:: REQUIREMENT ::
Through the last line of the entries, please copy every line exactly, starting with the one that contains "this 1689×1756 image.".

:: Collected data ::
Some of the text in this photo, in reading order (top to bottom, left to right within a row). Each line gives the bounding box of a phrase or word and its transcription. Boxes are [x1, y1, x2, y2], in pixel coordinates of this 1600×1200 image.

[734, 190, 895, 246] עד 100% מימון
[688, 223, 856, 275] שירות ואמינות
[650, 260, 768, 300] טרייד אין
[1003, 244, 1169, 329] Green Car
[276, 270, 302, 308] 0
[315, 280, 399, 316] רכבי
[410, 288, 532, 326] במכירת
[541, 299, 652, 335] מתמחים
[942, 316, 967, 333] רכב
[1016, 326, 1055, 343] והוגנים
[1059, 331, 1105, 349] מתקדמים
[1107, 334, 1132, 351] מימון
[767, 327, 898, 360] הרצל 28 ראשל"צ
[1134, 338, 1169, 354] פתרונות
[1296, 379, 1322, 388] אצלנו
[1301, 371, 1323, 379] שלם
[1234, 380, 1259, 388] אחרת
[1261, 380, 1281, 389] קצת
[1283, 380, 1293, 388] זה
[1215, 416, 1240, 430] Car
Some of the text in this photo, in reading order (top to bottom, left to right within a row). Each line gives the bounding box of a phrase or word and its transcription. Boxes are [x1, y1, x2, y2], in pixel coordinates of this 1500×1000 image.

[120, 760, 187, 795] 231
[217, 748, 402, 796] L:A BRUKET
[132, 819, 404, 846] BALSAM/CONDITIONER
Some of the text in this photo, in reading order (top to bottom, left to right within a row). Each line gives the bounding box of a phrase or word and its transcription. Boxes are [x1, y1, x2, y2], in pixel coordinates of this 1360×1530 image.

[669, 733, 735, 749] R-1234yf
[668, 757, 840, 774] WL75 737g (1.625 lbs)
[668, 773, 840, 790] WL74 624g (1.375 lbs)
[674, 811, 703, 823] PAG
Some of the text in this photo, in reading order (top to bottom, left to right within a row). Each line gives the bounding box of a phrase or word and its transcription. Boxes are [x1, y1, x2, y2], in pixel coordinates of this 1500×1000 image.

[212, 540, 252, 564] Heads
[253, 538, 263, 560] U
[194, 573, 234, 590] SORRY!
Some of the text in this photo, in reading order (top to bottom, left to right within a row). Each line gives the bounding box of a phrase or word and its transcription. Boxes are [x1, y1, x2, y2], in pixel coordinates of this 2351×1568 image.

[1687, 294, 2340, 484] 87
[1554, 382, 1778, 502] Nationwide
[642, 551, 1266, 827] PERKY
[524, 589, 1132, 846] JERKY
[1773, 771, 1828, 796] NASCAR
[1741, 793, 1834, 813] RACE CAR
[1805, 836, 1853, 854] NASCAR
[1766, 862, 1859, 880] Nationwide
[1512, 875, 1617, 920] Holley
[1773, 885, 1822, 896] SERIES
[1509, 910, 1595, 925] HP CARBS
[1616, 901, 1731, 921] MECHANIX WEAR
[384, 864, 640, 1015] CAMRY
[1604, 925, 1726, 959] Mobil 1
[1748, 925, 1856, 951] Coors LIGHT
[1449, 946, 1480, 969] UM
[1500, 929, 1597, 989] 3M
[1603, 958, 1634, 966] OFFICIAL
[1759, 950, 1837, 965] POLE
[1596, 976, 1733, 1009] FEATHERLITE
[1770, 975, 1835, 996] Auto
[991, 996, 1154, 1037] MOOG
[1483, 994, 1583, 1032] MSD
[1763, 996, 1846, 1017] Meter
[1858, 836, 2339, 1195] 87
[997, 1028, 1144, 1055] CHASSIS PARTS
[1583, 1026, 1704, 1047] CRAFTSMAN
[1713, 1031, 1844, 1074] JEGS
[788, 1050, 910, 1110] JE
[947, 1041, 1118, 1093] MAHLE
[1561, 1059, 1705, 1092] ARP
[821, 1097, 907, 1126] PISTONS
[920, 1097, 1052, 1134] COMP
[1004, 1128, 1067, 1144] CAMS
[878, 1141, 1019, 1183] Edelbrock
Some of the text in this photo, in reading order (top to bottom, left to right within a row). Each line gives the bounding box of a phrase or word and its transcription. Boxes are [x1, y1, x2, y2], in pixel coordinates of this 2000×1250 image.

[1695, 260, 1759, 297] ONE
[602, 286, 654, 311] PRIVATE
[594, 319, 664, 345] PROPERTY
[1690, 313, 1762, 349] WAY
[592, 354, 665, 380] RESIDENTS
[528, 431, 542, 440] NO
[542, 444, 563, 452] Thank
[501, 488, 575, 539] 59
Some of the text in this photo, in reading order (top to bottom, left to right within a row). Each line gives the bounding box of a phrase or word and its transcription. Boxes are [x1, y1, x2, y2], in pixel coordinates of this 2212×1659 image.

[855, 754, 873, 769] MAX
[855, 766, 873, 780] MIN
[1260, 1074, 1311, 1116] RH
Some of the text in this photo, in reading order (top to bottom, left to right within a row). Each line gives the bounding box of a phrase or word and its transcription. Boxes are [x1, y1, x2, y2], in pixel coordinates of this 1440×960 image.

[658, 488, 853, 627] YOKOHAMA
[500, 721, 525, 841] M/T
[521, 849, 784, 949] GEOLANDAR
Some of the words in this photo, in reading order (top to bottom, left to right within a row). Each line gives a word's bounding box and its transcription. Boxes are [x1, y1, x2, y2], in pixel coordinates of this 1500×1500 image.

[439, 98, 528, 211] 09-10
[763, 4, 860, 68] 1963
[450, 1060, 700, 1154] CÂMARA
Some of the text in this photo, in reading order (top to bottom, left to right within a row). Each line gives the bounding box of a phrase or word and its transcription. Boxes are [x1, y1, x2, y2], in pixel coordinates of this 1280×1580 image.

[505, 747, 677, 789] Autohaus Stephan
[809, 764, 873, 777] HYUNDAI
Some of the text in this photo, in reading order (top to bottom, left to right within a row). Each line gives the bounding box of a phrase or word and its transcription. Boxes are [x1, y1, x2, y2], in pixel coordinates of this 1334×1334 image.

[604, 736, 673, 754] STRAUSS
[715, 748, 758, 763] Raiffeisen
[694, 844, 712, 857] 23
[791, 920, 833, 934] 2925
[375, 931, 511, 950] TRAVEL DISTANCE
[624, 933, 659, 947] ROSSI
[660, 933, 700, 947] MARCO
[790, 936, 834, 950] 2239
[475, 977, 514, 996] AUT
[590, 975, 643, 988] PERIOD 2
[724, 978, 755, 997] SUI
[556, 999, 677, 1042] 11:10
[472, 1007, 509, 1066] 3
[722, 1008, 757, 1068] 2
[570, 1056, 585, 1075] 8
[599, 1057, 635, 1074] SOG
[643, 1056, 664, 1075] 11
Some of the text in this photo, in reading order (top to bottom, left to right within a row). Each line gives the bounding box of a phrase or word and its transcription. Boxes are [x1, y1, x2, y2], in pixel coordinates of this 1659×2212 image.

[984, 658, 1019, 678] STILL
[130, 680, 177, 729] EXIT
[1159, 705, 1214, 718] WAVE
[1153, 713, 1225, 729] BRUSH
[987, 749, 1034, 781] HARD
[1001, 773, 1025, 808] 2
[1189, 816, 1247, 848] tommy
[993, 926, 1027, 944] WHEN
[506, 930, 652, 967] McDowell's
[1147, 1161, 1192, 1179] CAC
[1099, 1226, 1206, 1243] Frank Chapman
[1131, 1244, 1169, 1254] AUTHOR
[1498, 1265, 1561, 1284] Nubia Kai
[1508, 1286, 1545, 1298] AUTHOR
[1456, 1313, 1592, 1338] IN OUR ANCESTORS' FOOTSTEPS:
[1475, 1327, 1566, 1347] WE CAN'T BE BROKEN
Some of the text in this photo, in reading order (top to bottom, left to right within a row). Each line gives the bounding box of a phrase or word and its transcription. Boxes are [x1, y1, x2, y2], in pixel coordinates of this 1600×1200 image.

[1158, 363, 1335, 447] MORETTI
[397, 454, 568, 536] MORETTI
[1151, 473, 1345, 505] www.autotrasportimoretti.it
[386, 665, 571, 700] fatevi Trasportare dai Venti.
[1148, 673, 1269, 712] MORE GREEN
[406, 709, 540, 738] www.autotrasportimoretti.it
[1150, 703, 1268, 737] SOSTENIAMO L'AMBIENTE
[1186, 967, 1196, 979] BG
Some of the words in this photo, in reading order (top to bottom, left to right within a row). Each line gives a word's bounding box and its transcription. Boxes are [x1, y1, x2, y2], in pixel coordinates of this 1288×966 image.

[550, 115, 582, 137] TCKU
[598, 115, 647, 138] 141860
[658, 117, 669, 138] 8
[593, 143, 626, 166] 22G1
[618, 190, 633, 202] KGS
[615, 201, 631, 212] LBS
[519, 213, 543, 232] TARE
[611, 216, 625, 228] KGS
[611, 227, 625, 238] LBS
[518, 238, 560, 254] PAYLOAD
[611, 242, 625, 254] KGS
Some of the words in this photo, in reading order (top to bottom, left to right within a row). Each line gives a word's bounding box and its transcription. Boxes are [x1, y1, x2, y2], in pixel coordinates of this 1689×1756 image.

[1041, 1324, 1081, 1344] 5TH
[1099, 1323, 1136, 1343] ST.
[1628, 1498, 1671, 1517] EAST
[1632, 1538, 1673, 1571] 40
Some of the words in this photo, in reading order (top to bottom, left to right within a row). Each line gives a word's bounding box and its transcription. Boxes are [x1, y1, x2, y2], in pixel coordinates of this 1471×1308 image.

:: EXERCISE ANSWER ::
Some of the words in this photo, in reading order (top to bottom, left to right within a row). Each line gives a word's bounding box and its transcription. Boxes are [x1, y1, x2, y2], in pixel coordinates of this 1689×1756 image.

[1041, 1324, 1081, 1344] 5TH
[1099, 1323, 1136, 1343] ST.
[1628, 1498, 1671, 1517] EAST
[1632, 1538, 1673, 1571] 40
Some of the words in this photo, in reading order (top to bottom, left to right within a row). Each line gives a word's bounding box and its transcription. Boxes are [x1, y1, x2, y2], in pixel coordinates of this 1471×1308 image.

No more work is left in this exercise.